Interoperability within the Tibco analytics platform, meanwhile, goes beyond the vendor’s BI tools. Spotfire, WebFocus and Jaspersoft all fall under Tibco’s Predict portfolio, but the vendor also has Connect and Unify portfolios. The Connect portfolio is where Tibco is building out its cloud capabilities, while the Unify portfolio is where it enables data management.
And it’s the depth of Tibco’s capabilities that differentiate the vendor, Farmer said, pointing out that the vendor’s portfolio even includes a master data management system that competes with enterprise cloud data management vendor Informatica.
“They have strength in depth,” he said. “Their analytics are really comprehensive, they’re well-established, and they enable users to go deep into problems.”
Beyond the addition of new capabilities to existing tools, Tibco attempted to add new capabilities through an acquisition in late 2021.

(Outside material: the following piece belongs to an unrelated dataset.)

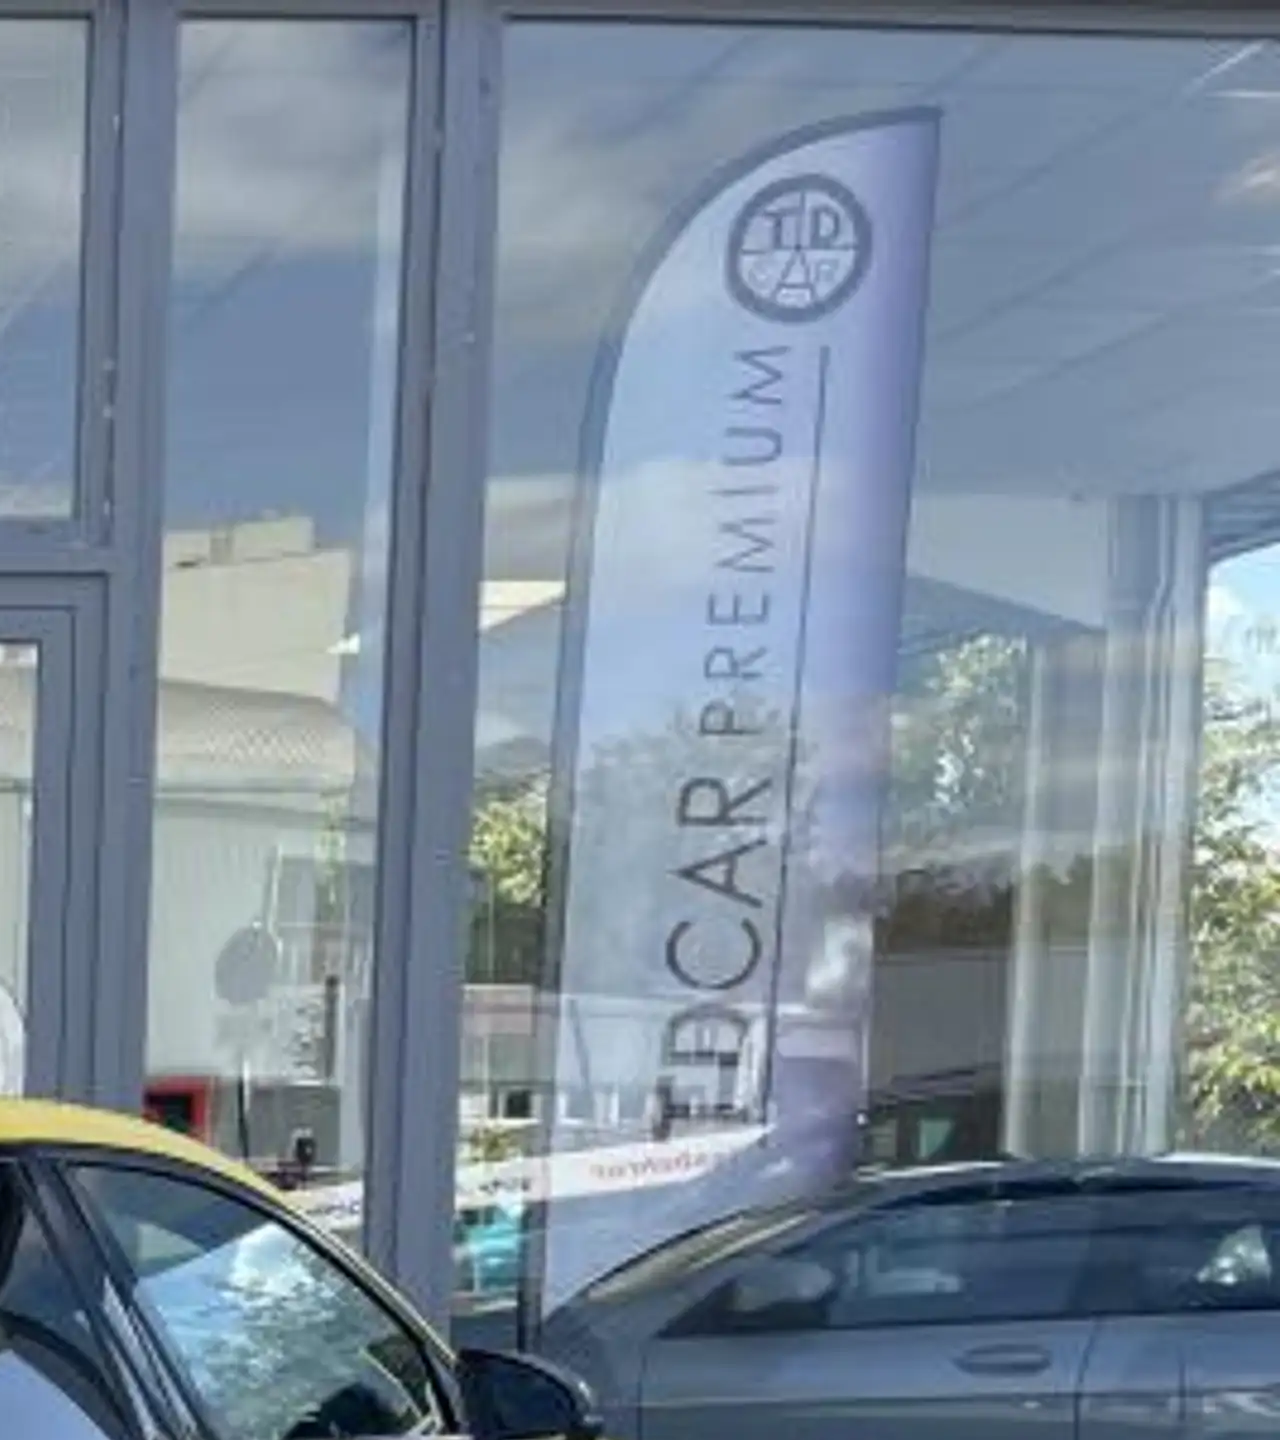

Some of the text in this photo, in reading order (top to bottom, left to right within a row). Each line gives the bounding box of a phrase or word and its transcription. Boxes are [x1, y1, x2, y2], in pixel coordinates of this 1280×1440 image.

[762, 203, 840, 250] TD
[698, 344, 791, 738] PREMIUM
[652, 775, 776, 1142] TDCAR

In late September, concurrent with the start of its user conference, the vendor revealed that, through its parent company Vista Equity Partners, it had agreed to acquire robotic process automation vendor Blue Prism for $1.5 billion.
In December, however, Vista was outbid by SS&C Technologies and declined to increase its offer.
And there lies Tibco’s chief vulnerability, according to Farmer.
While some vendors such as MicroStrategy and SAS are independent and can operate as they wish, Tibco — like Tableau and Qlik until its impending IPO — has a parent company that has final say over what the vendor can and cannot do.
“It makes a lot of sense for Tibco to [acquire an RPA vendor], but it was telling that the deal didn’t come off,” Farmer said. “It suggests that the investors don’t have bottomless pockets and that there’s a limit to what they’re willing to do to see Tibco succeed. That’s why they’re not masters of their own future.”
If Tibco was in control, Farmer speculated it would have pushed harder and perhaps continued to bid against SS&C Technologies, which ultimately reached an agreement to acquire Blue Prism for $1.65 billion.
Despite losing out on Blue Prism, however, Tibco still plans to add more process automation capabilities, according to Palmer.
That could be by acquiring a different vendor or expanding action-oriented capabilities already within the Tibco analytics platform.
“That is still interesting to us from an acquisition perspective,” he said. “It is also why the strategy of adding actions is super exciting. The future of analytics is not just looking at a dashboard, but doing something about it. Companies are getting more data-aware, and then the action part comes from human decision-making. Whatever we can do to make that easier is part of our strategy.”